Dear Boy: The life of Keith Moon
Page 81
According to the rota system whereby each member got to design an album sleeve in turn, Keith had been due to come up with the ideas for Who Are You. But he failed. So on the day of the Shepperton show photographs were taken to make the most of having all four members in the same place. Three of the band were wearing the same clothes as at Kilburn months earlier, indicating an intention to merge footage from the two performances. (Keith, for whom continuity was not in the dictionary, was the exception.) Pete Townshend and Roger Daltrey both sported casual jeans wear, as if trying to bridge the gap between their older audience and the ‘new wave’. John Entwistle evidently didn’t care: he wore the widest flares imaginable. And Keith … well Keith was not so much out of fashion as beyond it. He did some of the photos in a purple velvet jacket with flared white trousers and matching white spats. Then he changed into his latest persona, that of the landed gentry horseman, with riding boots, hat and hound-tooth jacket. Unfortunately, the tight trousers and finely embroidered shirt which tucked into them only served to emphasise just how fat Keith had become. As the photo shoot moved around to the back of the group’s PA, the band standing amidst cables and flight cases, photographer Terry O’Neil begged Keith to grab a nearby chair and sit forwards in it, so as to hide his paunch.
And that was the image that became the album cover – the loudest band in the world on the other side of their equipment, a group who had once been among the most image-conscious in the world reduced to a bunch of 30-something full-time businessmen and part-time rock’n’rollers in varying degrees of non-fashion. At centre shot Keith hunched forward over his chair, the back of which clearly read, by one of those bizarre coincidences that would turn out to have tragic relevance, ‘Not to be taken away.’
99 At some point after his return from LA, he also spent time at the Wellington, a private clinic in north London.
100 Special Air Service, Britain’s crack commando troup.
38
On June 4, 1978, Keith and Annette left for a month-long holiday on the island of Mauritius in the Indian Ocean. Everyone hoped that getting Keith away from the bars and clubs and other temptations of London, now that the nine-month ordeal of Who Are You was finally over, would be good for his health.
It appeared to be. The holiday was idyllic, the couple spending their time scuba diving, fishing, lying on the beach and reading.
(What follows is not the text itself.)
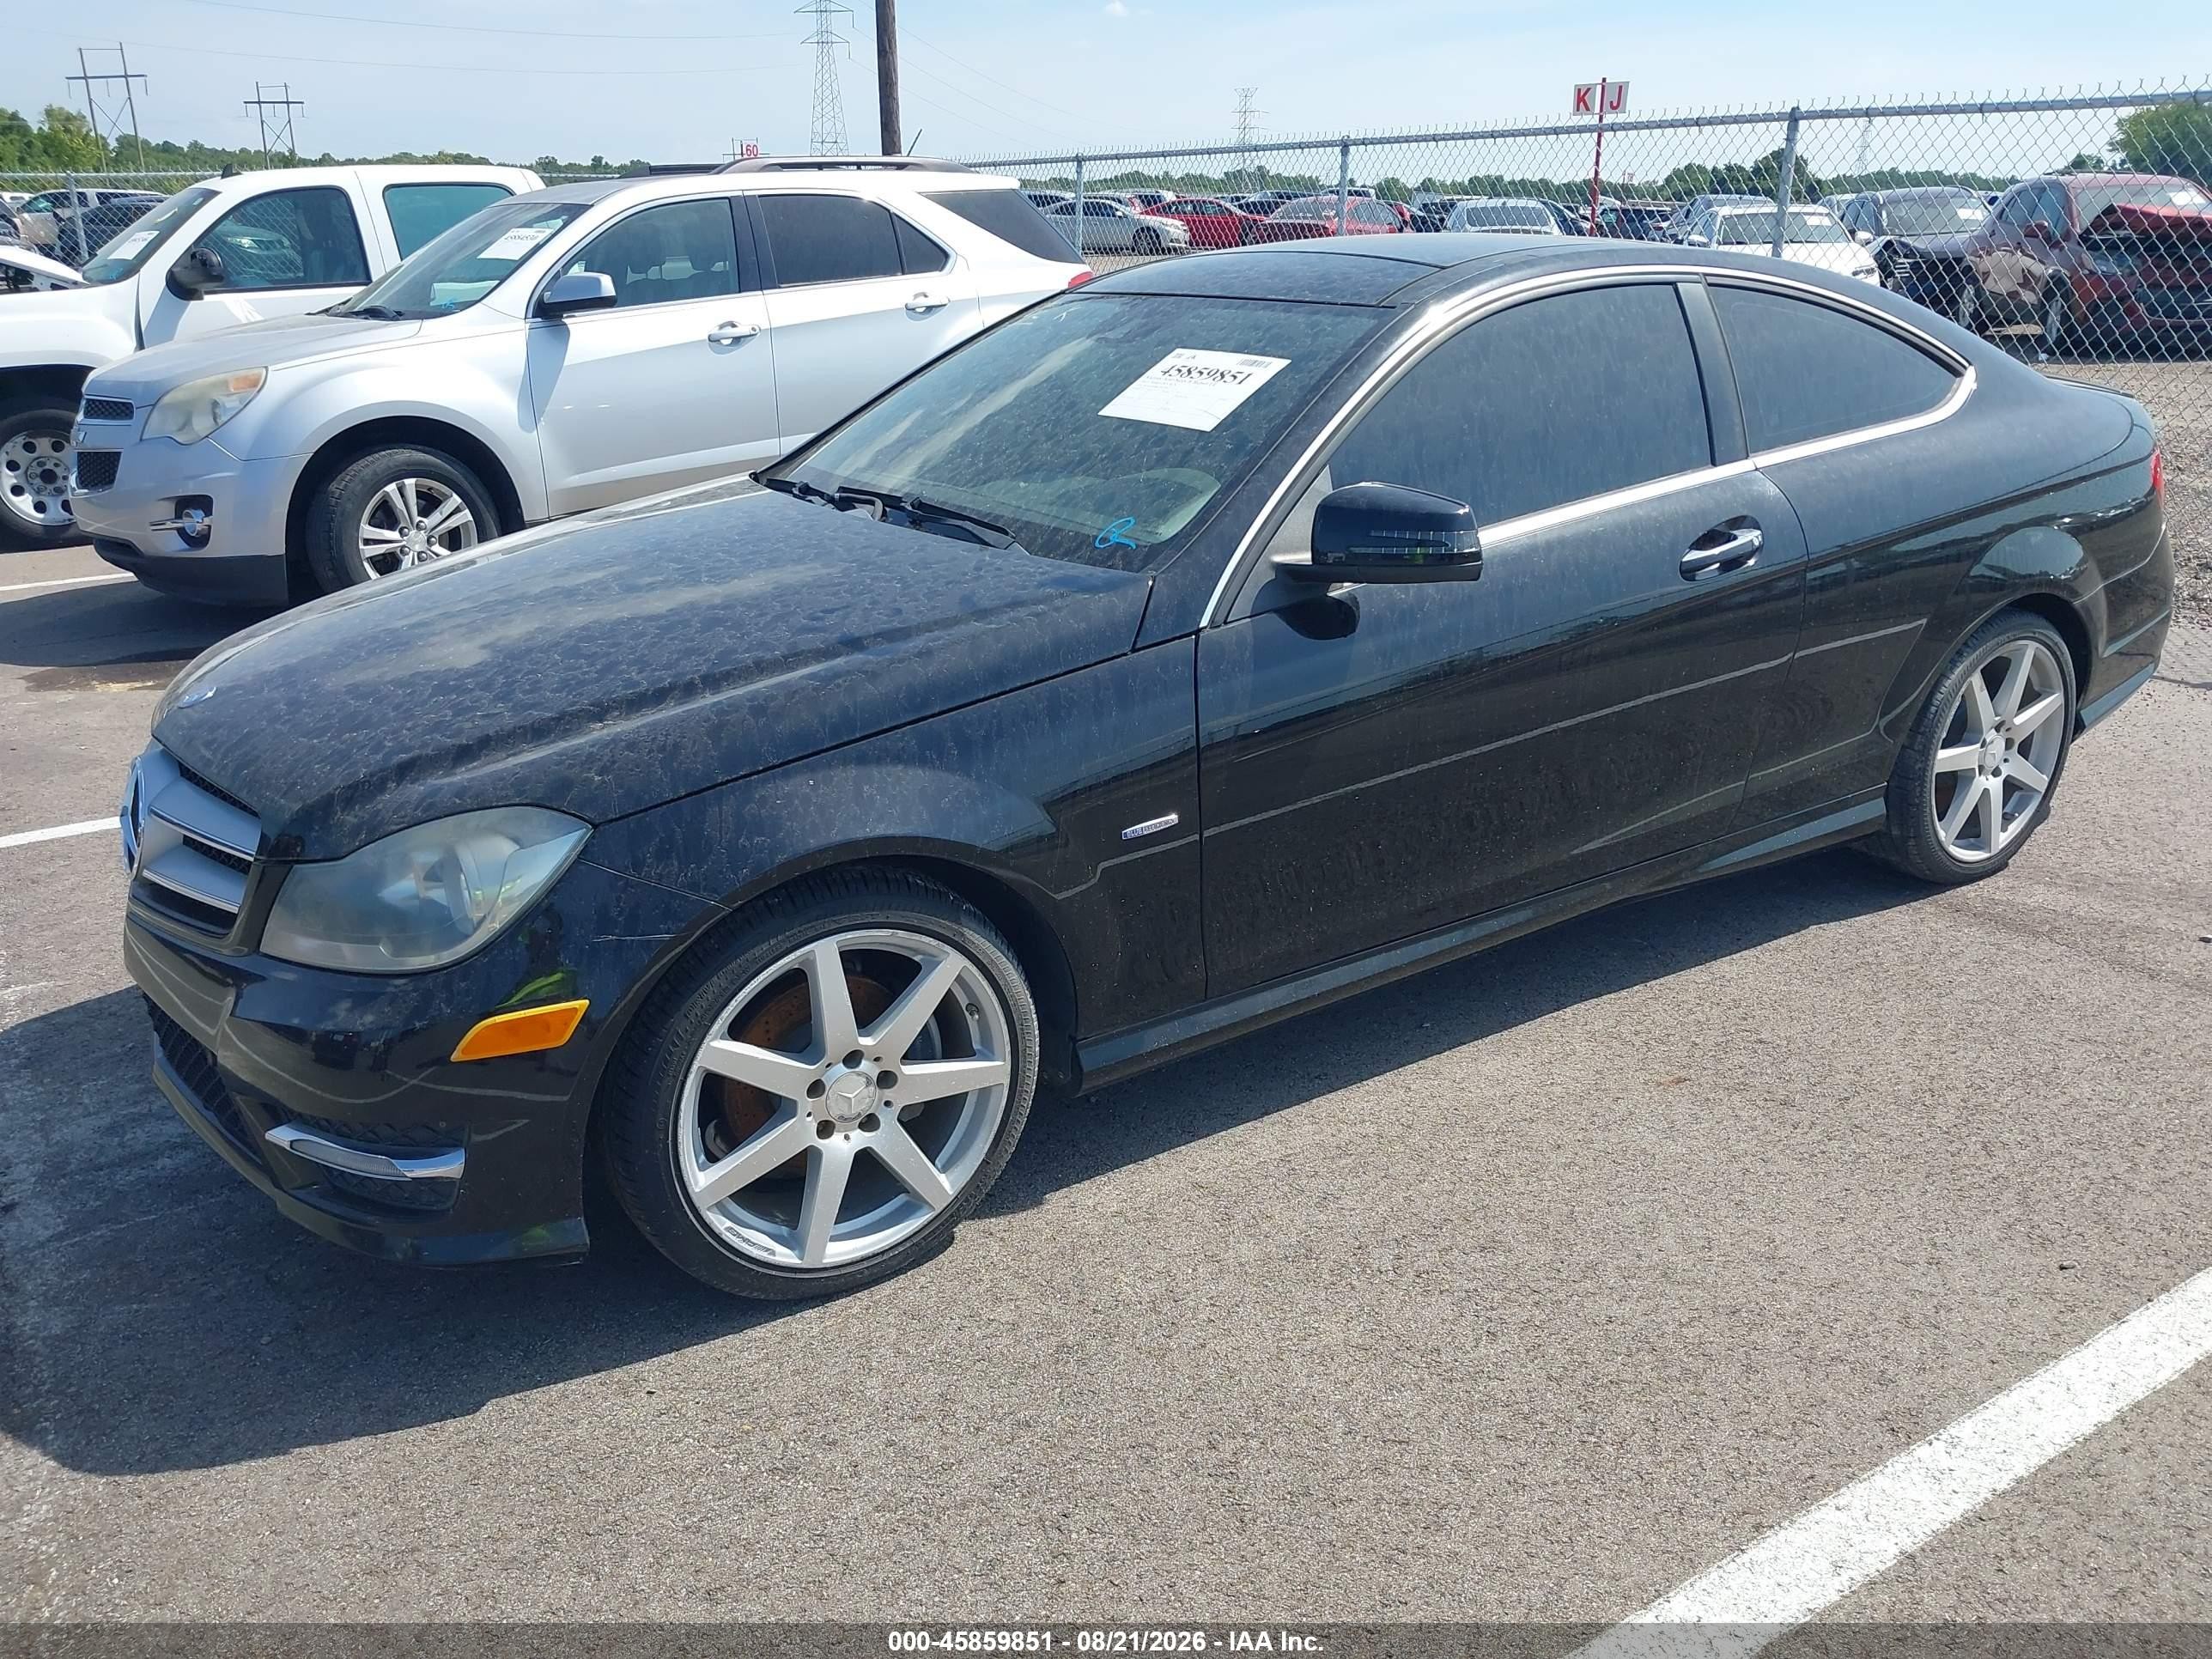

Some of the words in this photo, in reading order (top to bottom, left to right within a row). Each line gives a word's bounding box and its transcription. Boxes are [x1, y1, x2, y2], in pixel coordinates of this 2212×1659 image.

[1575, 87, 1592, 112] K
[1609, 84, 1624, 111] J
[745, 143, 759, 157] 60
[1160, 364, 1255, 386] 45859851
They befriended a reformed alcoholic who had worked with the Beatles, and Keith seemed impressed by the attractions sobriety could offer. Indeed, just as in Tahiti, he showed that he could take or leave the booze. The only exception was the night at the hotel club when he was asked to play the drums. He obliged, but felt compelled to get drunk in the process. To him, it was all part of the package. Otherwise, it was a perfect vacation. Annette, who celebrated her twenty-third birthday in the middle of it, sensed – at least she wanted to – that Keith was turning a corner in his life.
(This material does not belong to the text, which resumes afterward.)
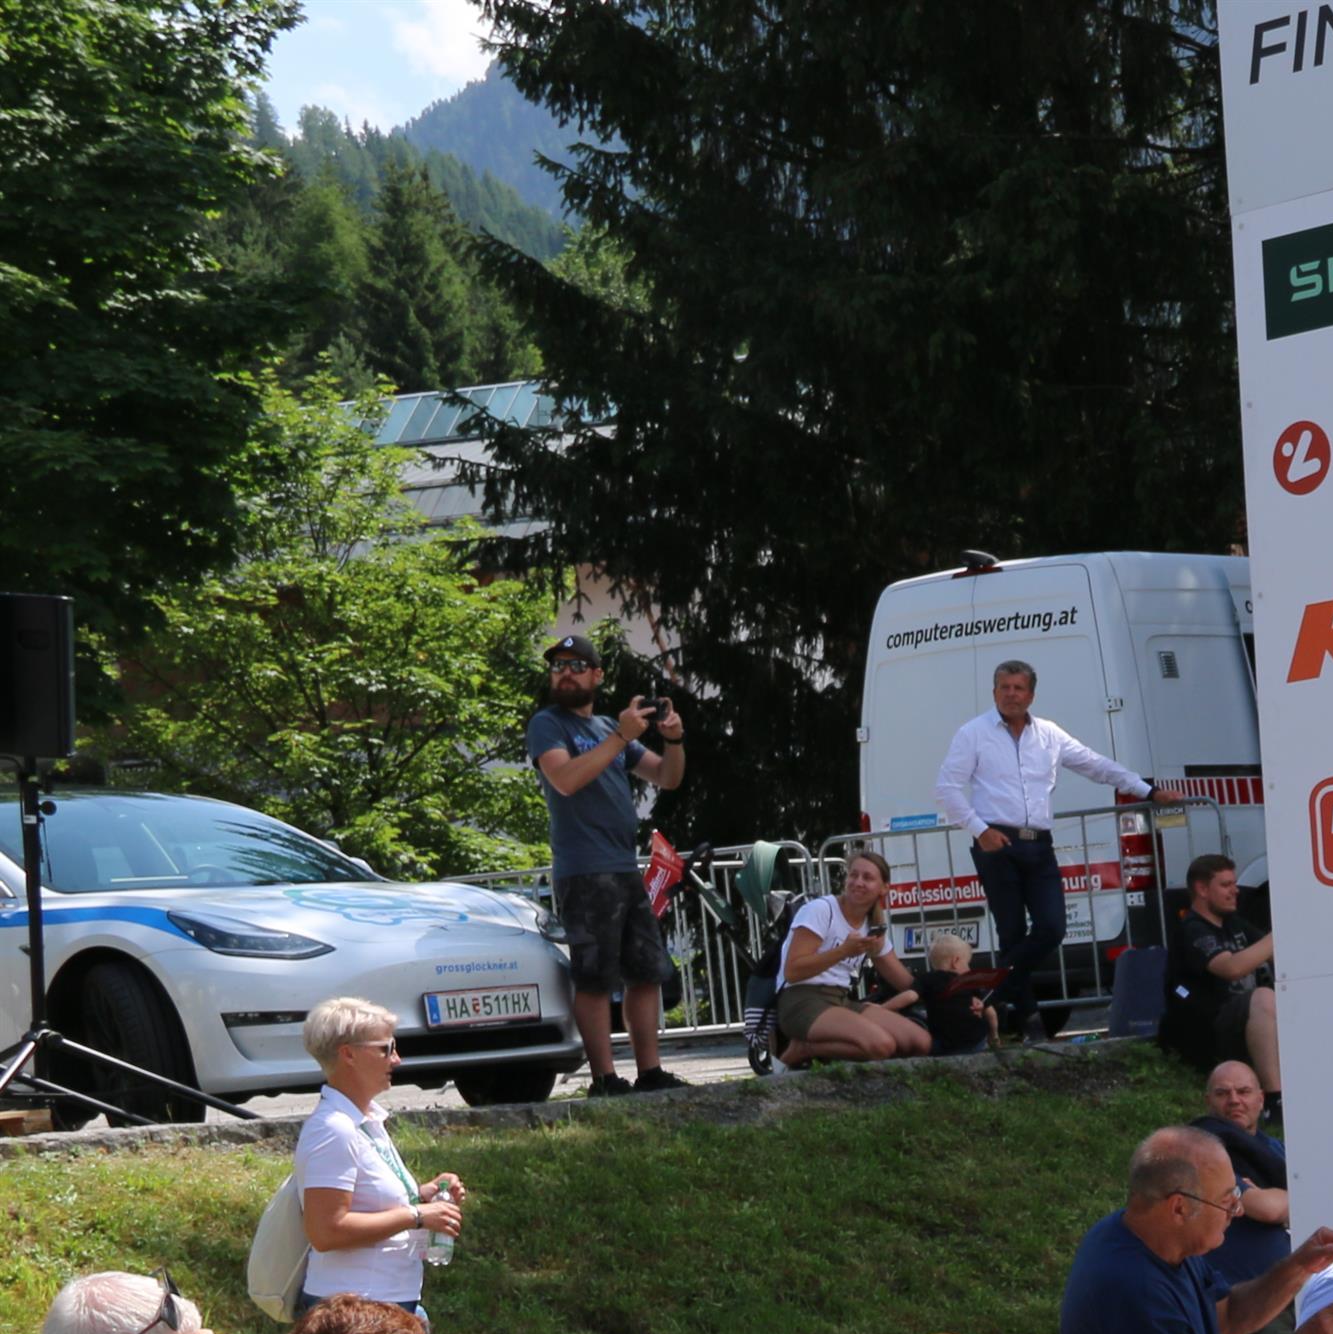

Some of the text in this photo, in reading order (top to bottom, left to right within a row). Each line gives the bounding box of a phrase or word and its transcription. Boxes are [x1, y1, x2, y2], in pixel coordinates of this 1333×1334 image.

[886, 606, 1078, 649] computerauswertung.at
[435, 960, 518, 975] grossglockner.at
[446, 992, 532, 1019] HA 511HX
Why he then flipped on the return journey on July 3 remains a mystery. Maybe he felt a need to perform as soon as he was seen in public. It could have been a reaction to the impending boredom of the lengthy flight. Perhaps, also, there was fear of going home to work and its attendant pressures after such a relaxing holiday. Whatever, in the lounge before departure, he got paralytic. As the passengers approached the British Airways jet on the tarmac, Keith brazenly threw his briefcase into one of the engines. The plane was delayed at the gate while a vehicle came out to retrieve it.
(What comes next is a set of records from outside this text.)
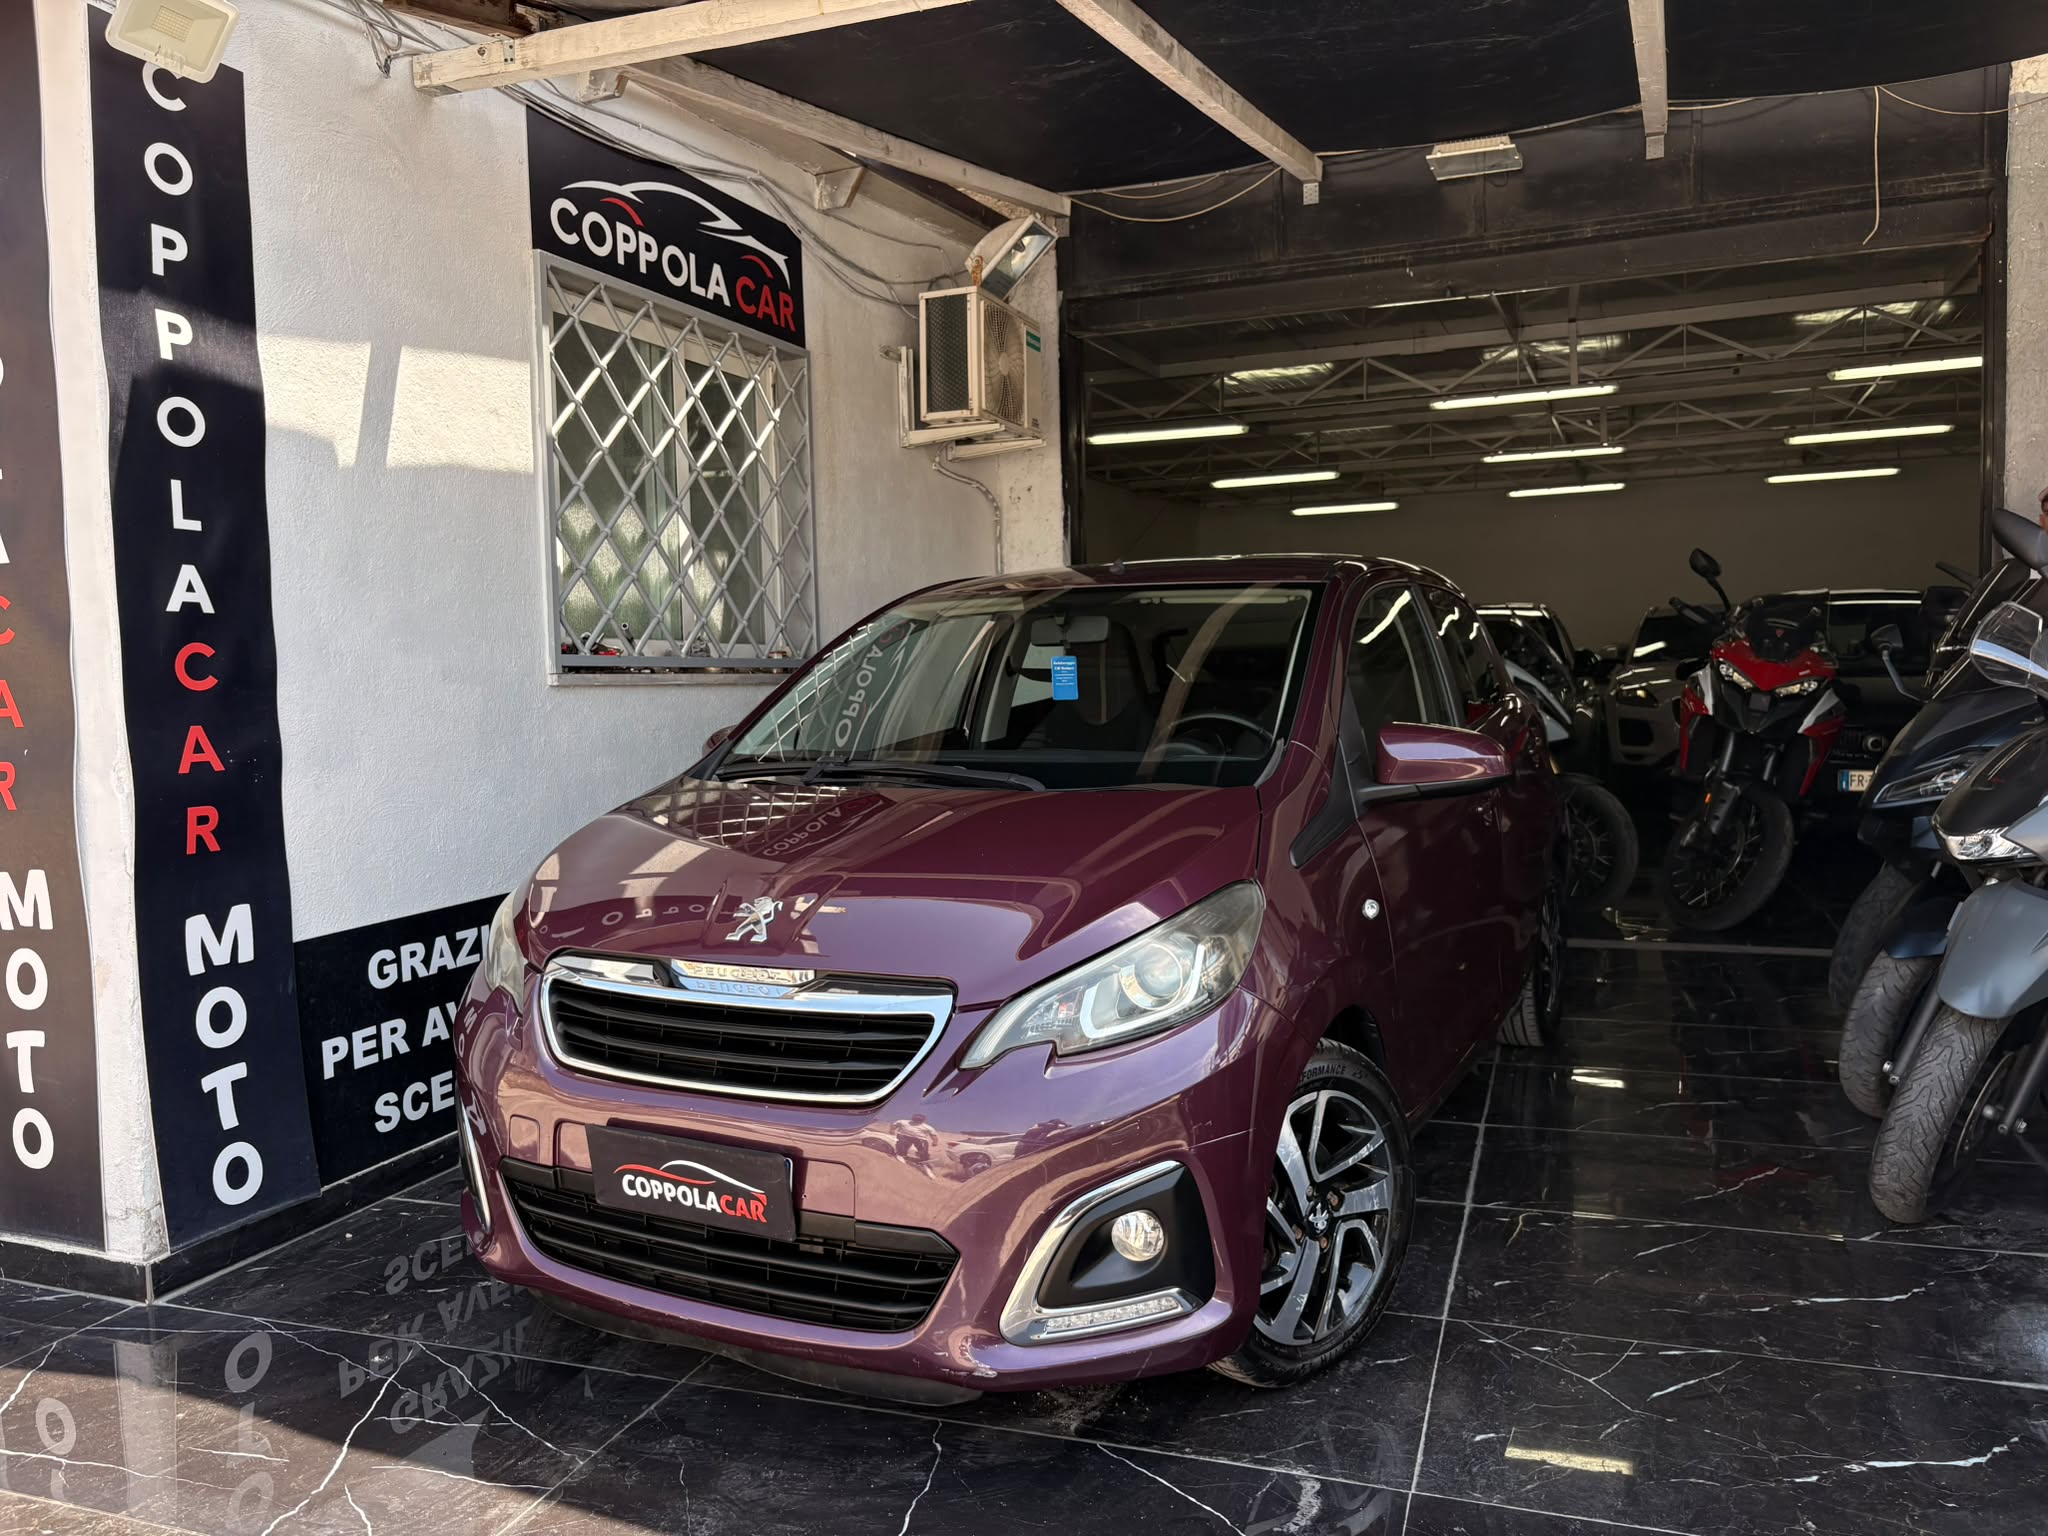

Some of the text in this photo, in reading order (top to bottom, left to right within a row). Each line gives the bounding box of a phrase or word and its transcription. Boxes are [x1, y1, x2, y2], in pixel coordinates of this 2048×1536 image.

[0, 868, 54, 1169] MOTO
[321, 1018, 410, 1080] PER
[184, 903, 264, 1206] MOTO
[1300, 1063, 1346, 1081] FORMANCE
[374, 1070, 455, 1133] SCE
On board, his boisterousness quickly turned vituperative as he ordered more drinks and forced himself on other’s company. Some passengers complained; he told them where to get off. Annette started to cry; a stewardess gave her a sedative. Keith insulted a mother and child. When the captain himself finally asked Keith to behave, Moon reportedly entered the flight deck to remonstrate.
The upshot was that when the plane made its scheduled stopover at the Seychelle Islands, Keith was thrown off As one of the passengers reported, revealing more about Keith than they may have known, “The doctor arrived and said he was unfit to fly on. We saw him running down the steps demanding to see the press.”
For once, Annette did not stay by Keith’s side. She flew back to London without him, emotionally distraught. Word of Keith’s latest adventures travelled ahead of her. “When I got to Heathrow, I think every journalist in England was at the airport,” she says. “Richard Dorse came to get me and he had to hold on to me.”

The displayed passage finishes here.